Referring expression grounding data:
::::::::
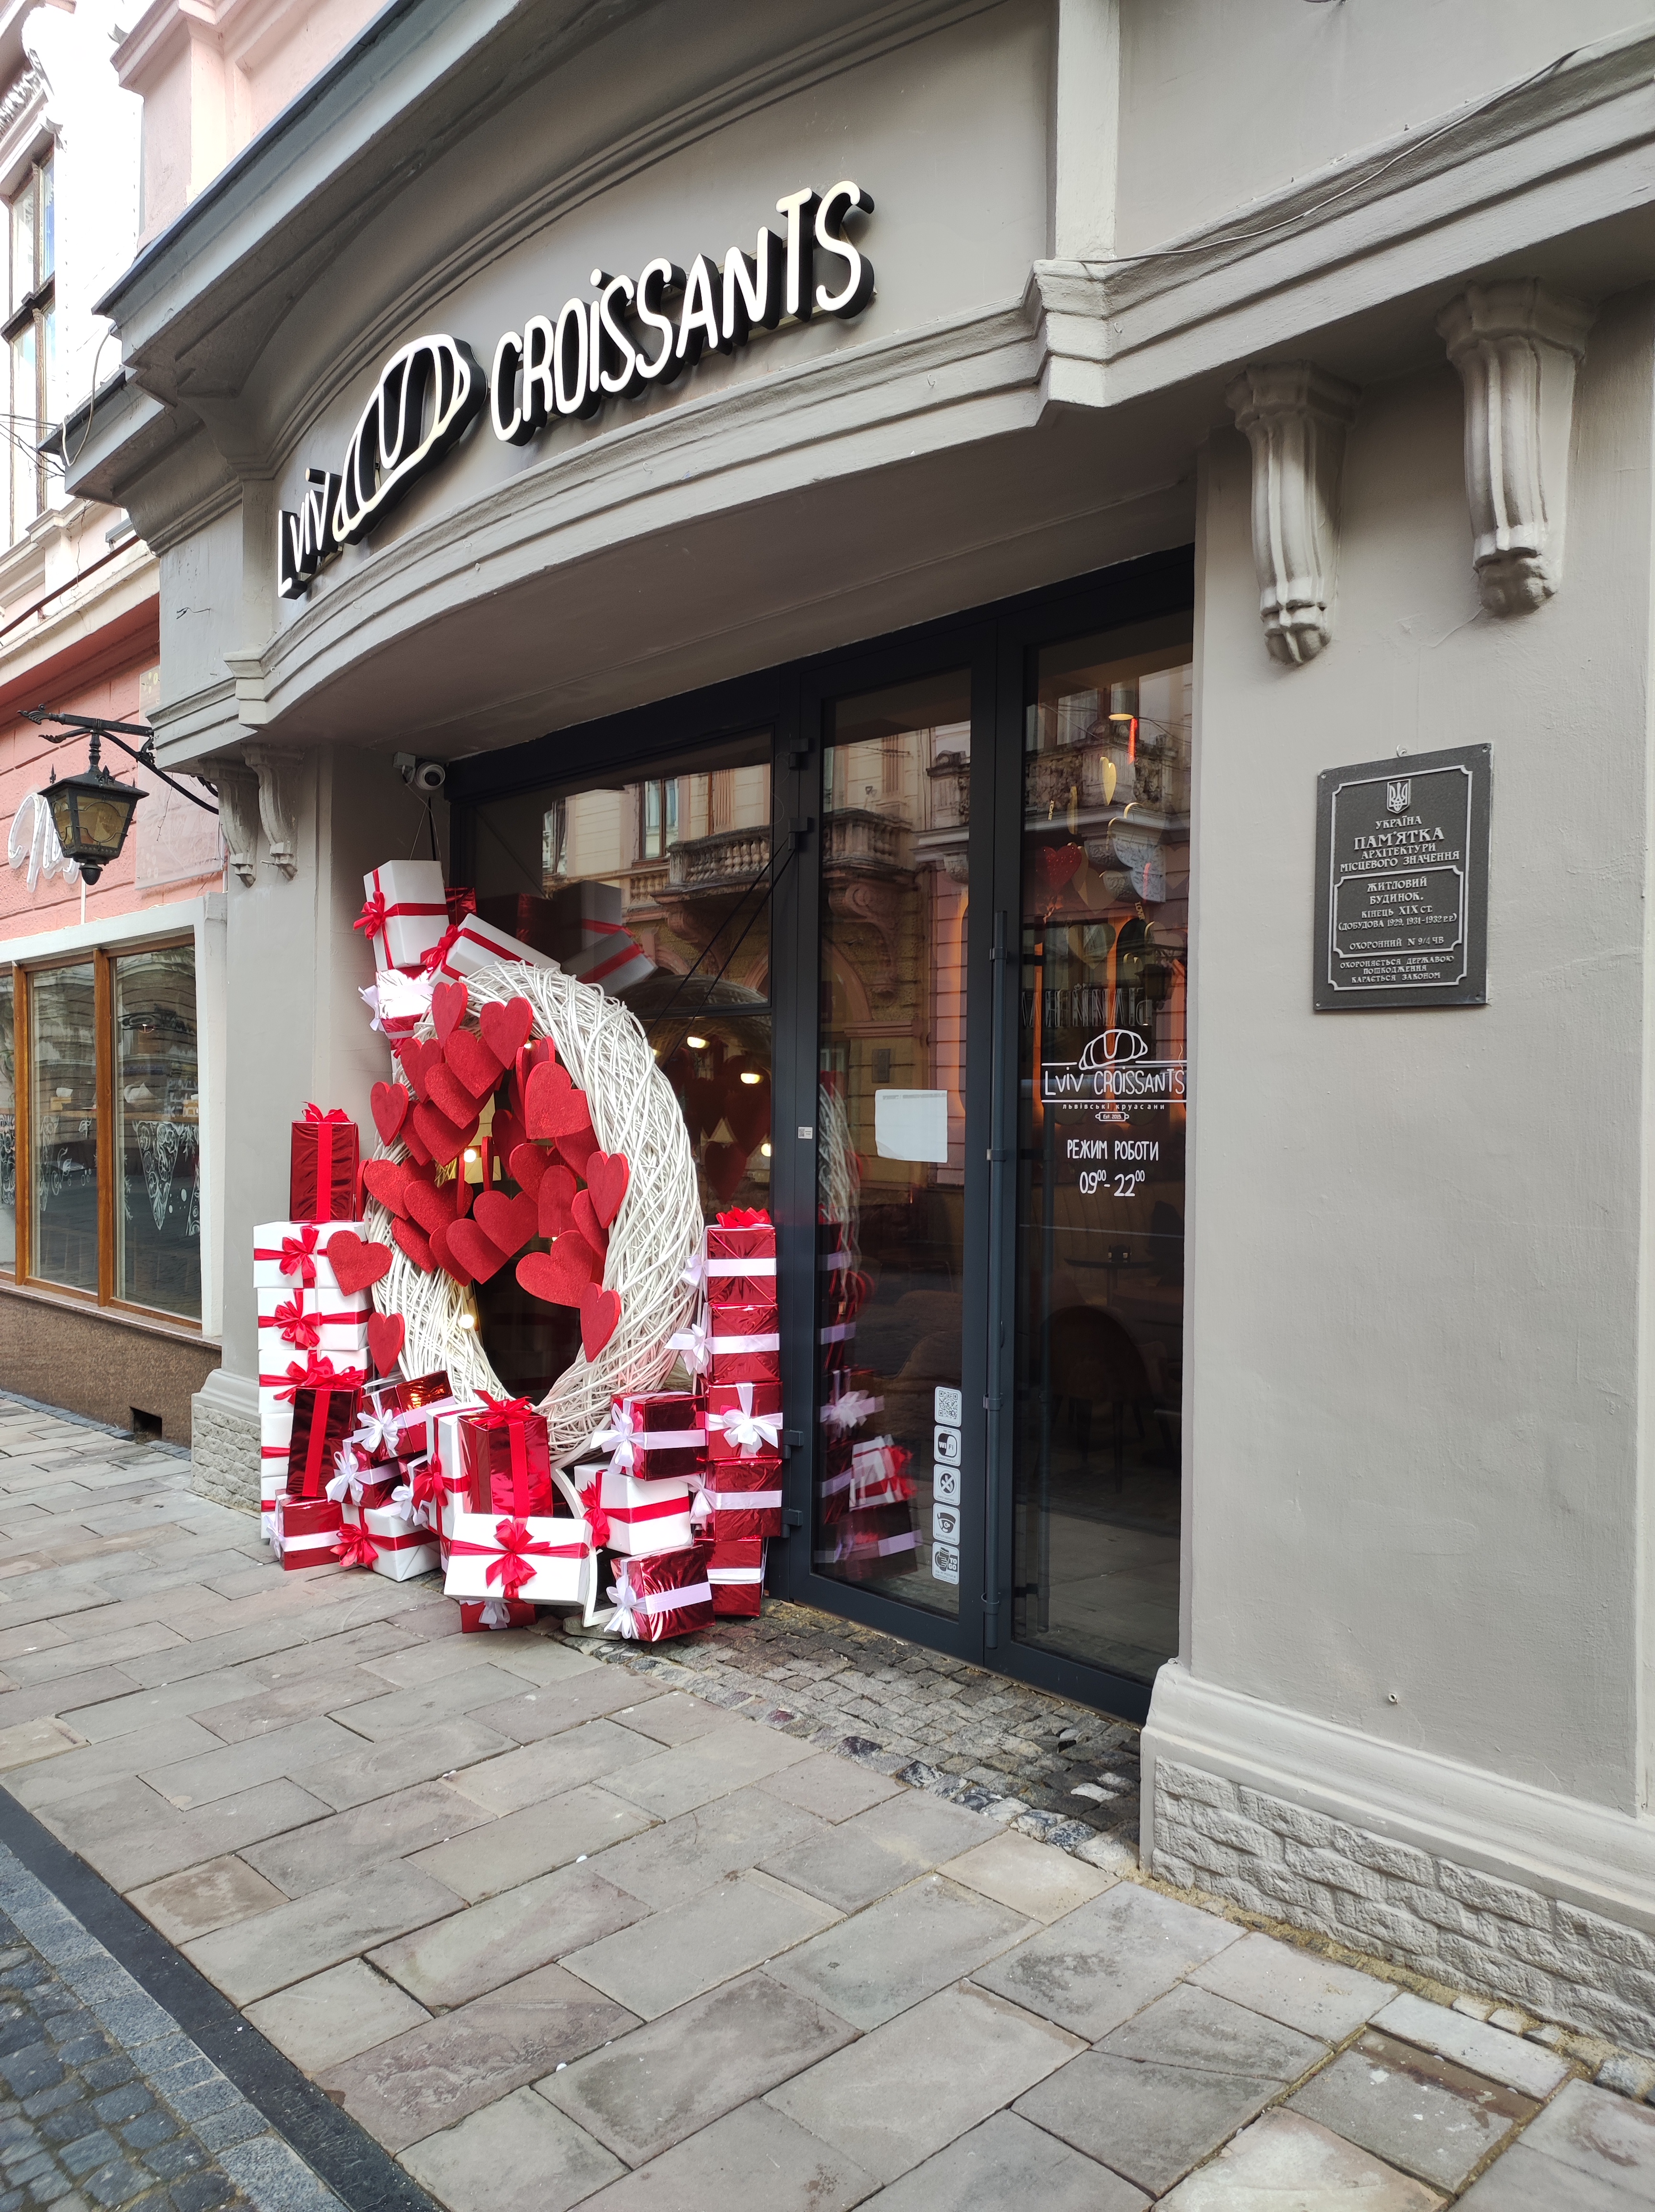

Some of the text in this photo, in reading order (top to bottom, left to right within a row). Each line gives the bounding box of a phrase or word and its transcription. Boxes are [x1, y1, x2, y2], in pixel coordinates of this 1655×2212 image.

[1375, 815, 1422, 830] УКРАЇНА
[1361, 843, 1436, 860] АРХІТЕКТУРИ
[1340, 851, 1460, 872] МІСЦЕВОГО ЗНАЧЕННЯ
[1367, 876, 1427, 892] ЖИТЛОВИЙ
[1369, 892, 1424, 904] БУДИНОК.
[1361, 908, 1394, 918] КІНЕЦЬ
[1338, 921, 1384, 931] (ДОБУДОВА
[1349, 938, 1402, 950] ОХОРОННИЙ
[1340, 956, 1454, 969] ОХОРОНЯЄТЬСЯ ДЕРЖАВОЮ
[1363, 965, 1427, 975] ПОШКОДЖЕННЯ
[1351, 973, 1440, 983] КАРАЄТЬСЯ ЗАКОНОМ
[1067, 1139, 1159, 1161] РЕЖИМ РОБОТИ
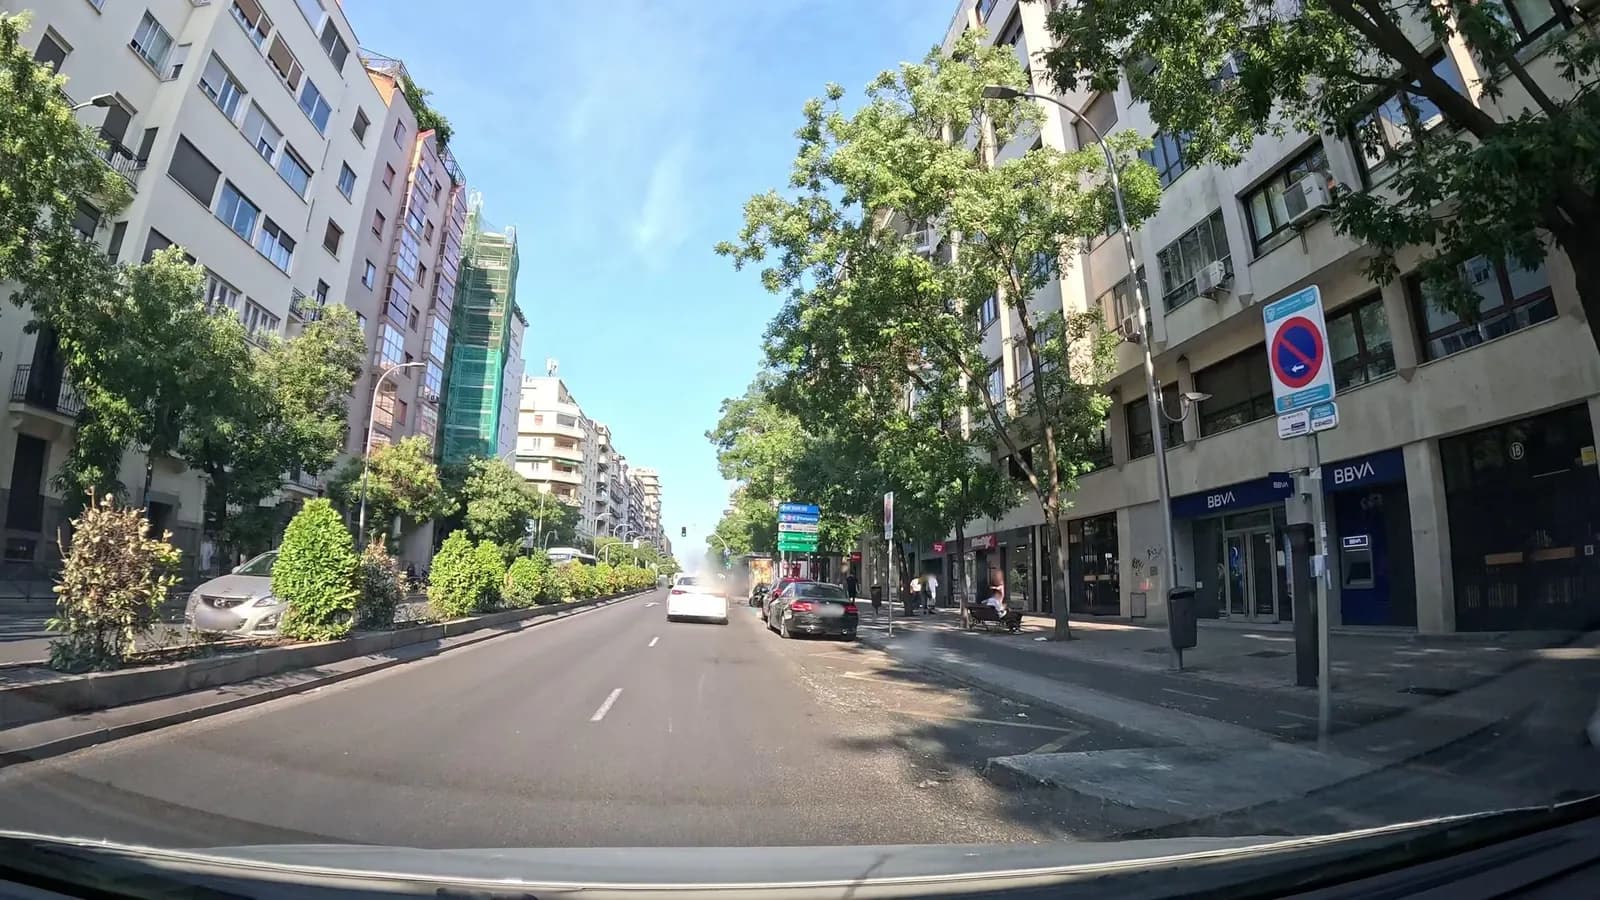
::::::::
● **Requirement**:
What you return must match the records above exactly, minus any images.

● **Response**:
Some of the text in this photo, in reading order (top to bottom, left to right within a row). Each line gives the bounding box of a phrase or word and its transcription. Boxes are [x1, y1, x2, y2], in pixel coordinates of this 1655×2212 image.

[1375, 815, 1422, 830] УКРАЇНА
[1361, 843, 1436, 860] АРХІТЕКТУРИ
[1340, 851, 1460, 872] МІСЦЕВОГО ЗНАЧЕННЯ
[1367, 876, 1427, 892] ЖИТЛОВИЙ
[1369, 892, 1424, 904] БУДИНОК.
[1361, 908, 1394, 918] КІНЕЦЬ
[1338, 921, 1384, 931] (ДОБУДОВА
[1349, 938, 1402, 950] ОХОРОННИЙ
[1340, 956, 1454, 969] ОХОРОНЯЄТЬСЯ ДЕРЖАВОЮ
[1363, 965, 1427, 975] ПОШКОДЖЕННЯ
[1351, 973, 1440, 983] КАРАЄТЬСЯ ЗАКОНОМ
[1067, 1139, 1159, 1161] РЕЖИМ РОБОТИ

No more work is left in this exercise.